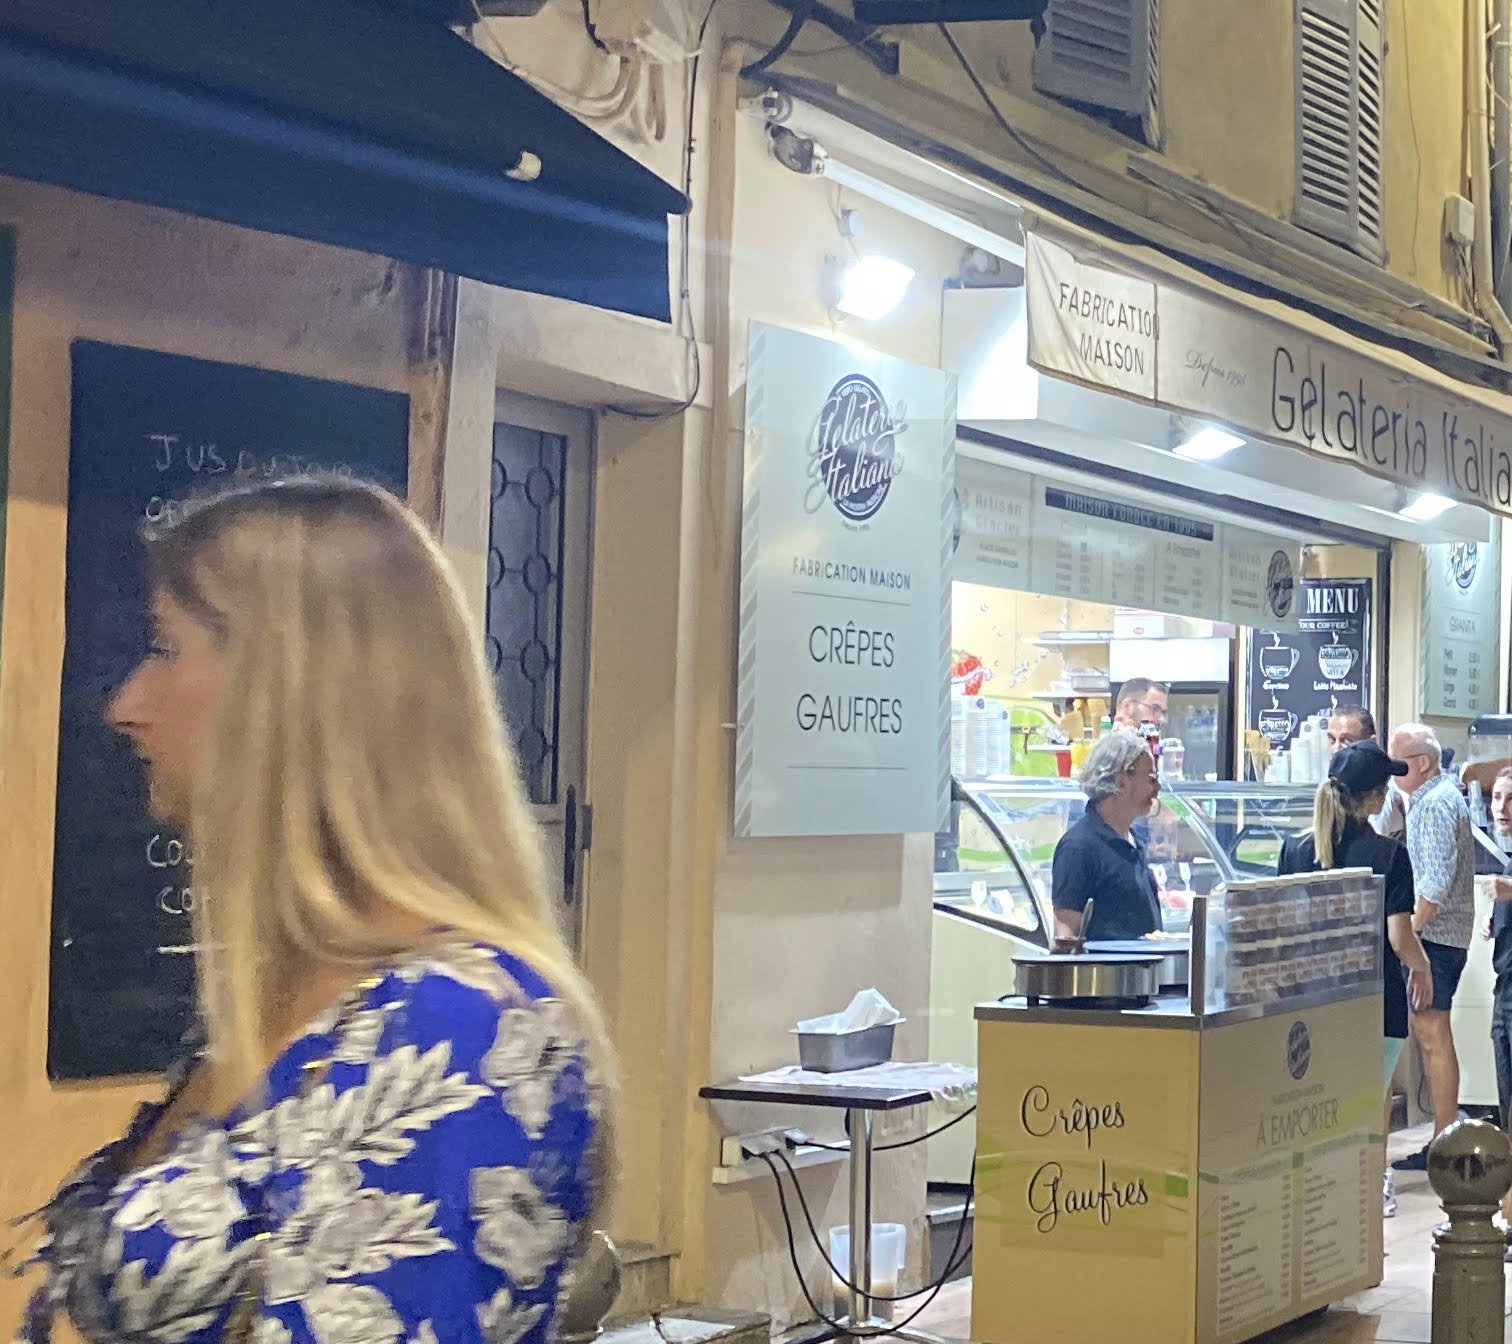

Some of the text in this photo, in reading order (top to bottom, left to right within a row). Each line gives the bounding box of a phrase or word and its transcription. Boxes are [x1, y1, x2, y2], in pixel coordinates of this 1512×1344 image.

[1059, 282, 1160, 340] FABRICATION
[1080, 333, 1144, 375] MAISON
[1272, 346, 1427, 480] Gelateria
[792, 557, 911, 590] FABRICATION MAISON
[1306, 587, 1359, 614] MENU
[809, 620, 895, 668] CRÊPES
[796, 693, 903, 734] GAUFRES
[1022, 1085, 1125, 1149] Crêpes
[1271, 1097, 1339, 1146] EMPORTER
[1028, 1158, 1148, 1233] Gaufres
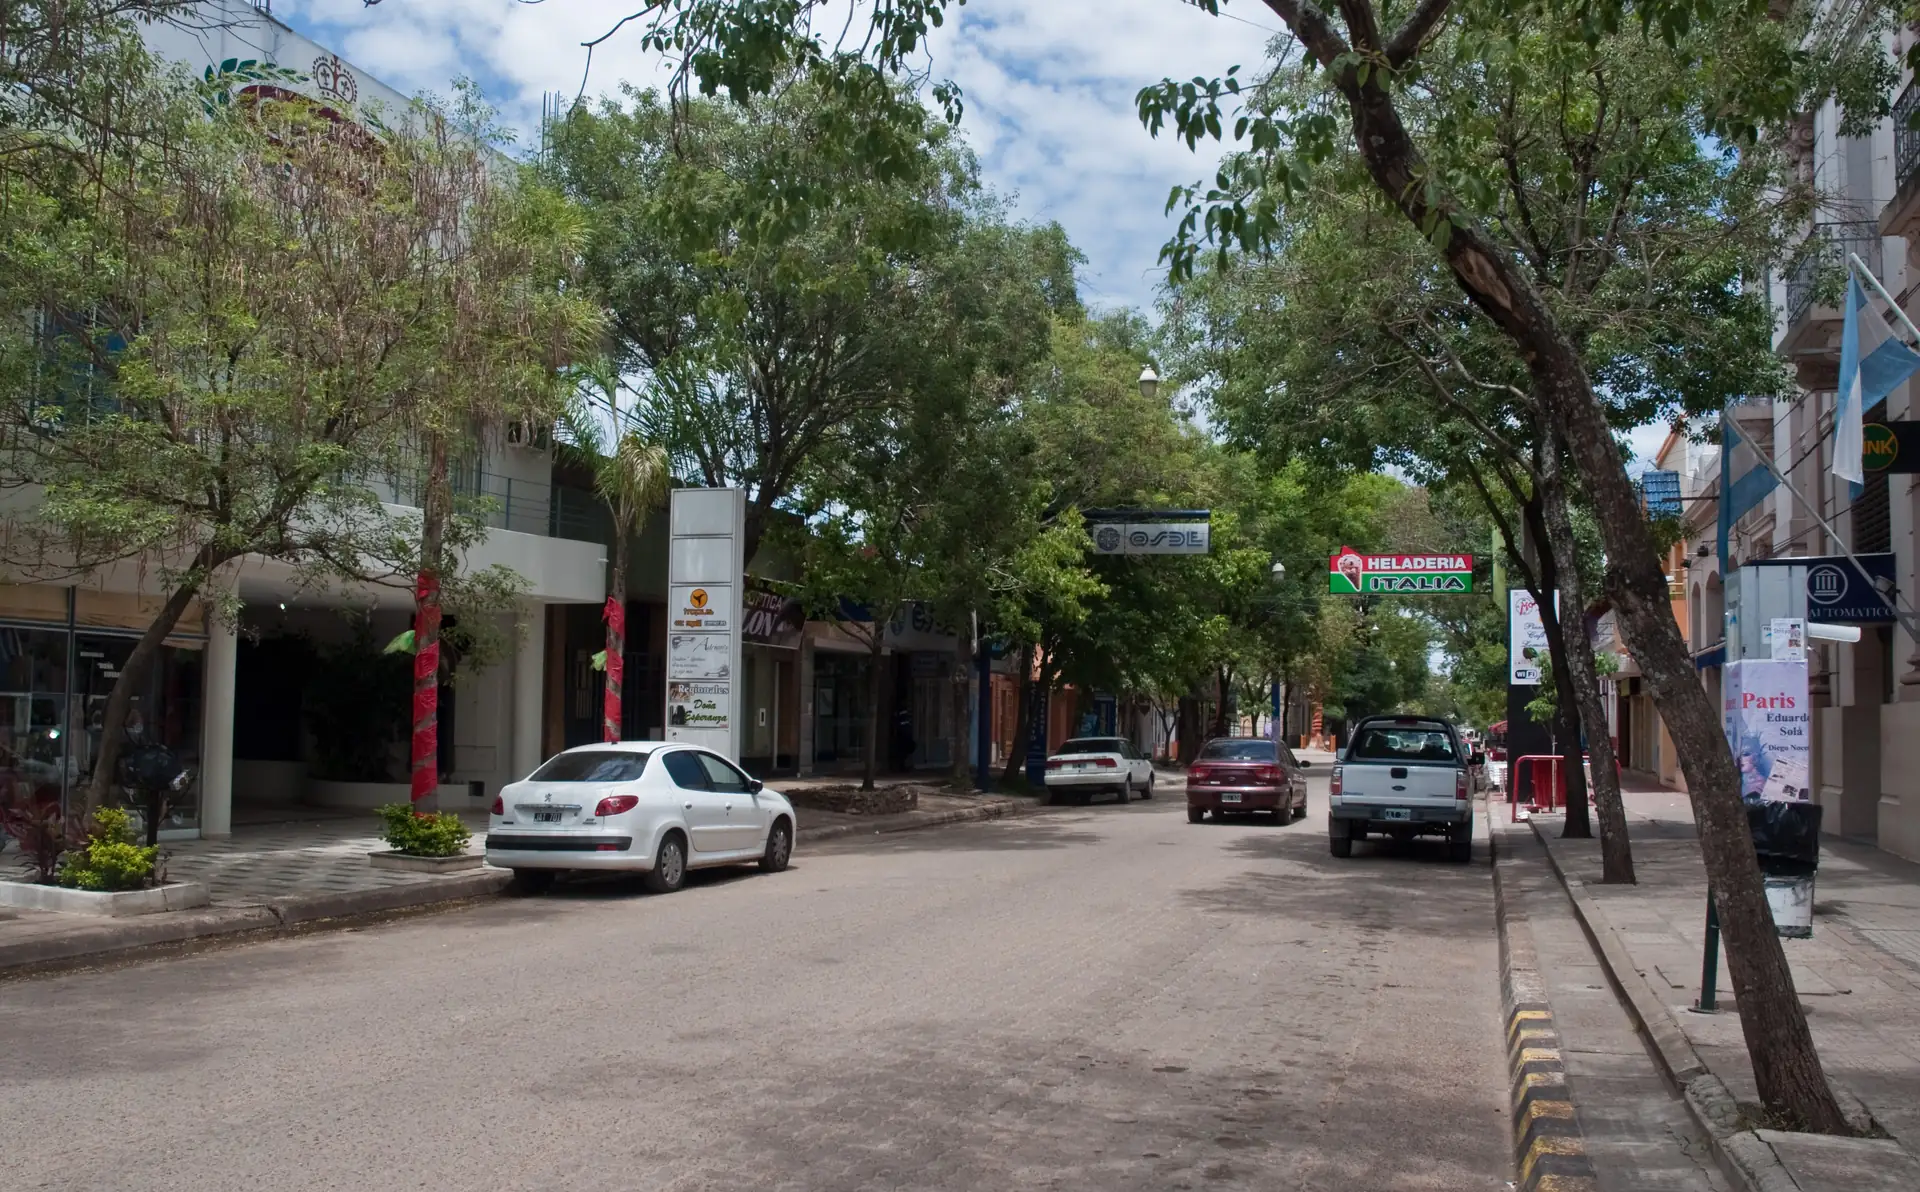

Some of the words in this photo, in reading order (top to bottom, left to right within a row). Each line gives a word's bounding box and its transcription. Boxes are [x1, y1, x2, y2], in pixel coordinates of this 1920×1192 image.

[1129, 531, 1204, 547] OSDE
[1367, 557, 1467, 570] HELADERIA
[1369, 575, 1466, 591] ITALIA
[678, 684, 730, 697] Regionales
[693, 699, 717, 710] Doña
[1742, 691, 1796, 709] Paris
[684, 710, 728, 725] Esperanza

####################

Description of the task:
Return every line of the data above exactly, and omit all pictures.

Response below:
Some of the text in this photo, in reading order (top to bottom, left to right within a row). Each line gives the bounding box of a phrase or word and its transcription. Boxes are [x1, y1, x2, y2], in pixel coordinates of this 1512×1344 image.

[1059, 282, 1160, 340] FABRICATION
[1080, 333, 1144, 375] MAISON
[1272, 346, 1427, 480] Gelateria
[792, 557, 911, 590] FABRICATION MAISON
[1306, 587, 1359, 614] MENU
[809, 620, 895, 668] CRÊPES
[796, 693, 903, 734] GAUFRES
[1022, 1085, 1125, 1149] Crêpes
[1271, 1097, 1339, 1146] EMPORTER
[1028, 1158, 1148, 1233] Gaufres

Some of the words in this photo, in reading order (top to bottom, left to right within a row). Each line gives a word's bounding box and its transcription. Boxes are [x1, y1, x2, y2], in pixel coordinates of this 1920×1192 image.

[1129, 531, 1204, 547] OSDE
[1367, 557, 1467, 570] HELADERIA
[1369, 575, 1466, 591] ITALIA
[678, 684, 730, 697] Regionales
[693, 699, 717, 710] Doña
[1742, 691, 1796, 709] Paris
[684, 710, 728, 725] Esperanza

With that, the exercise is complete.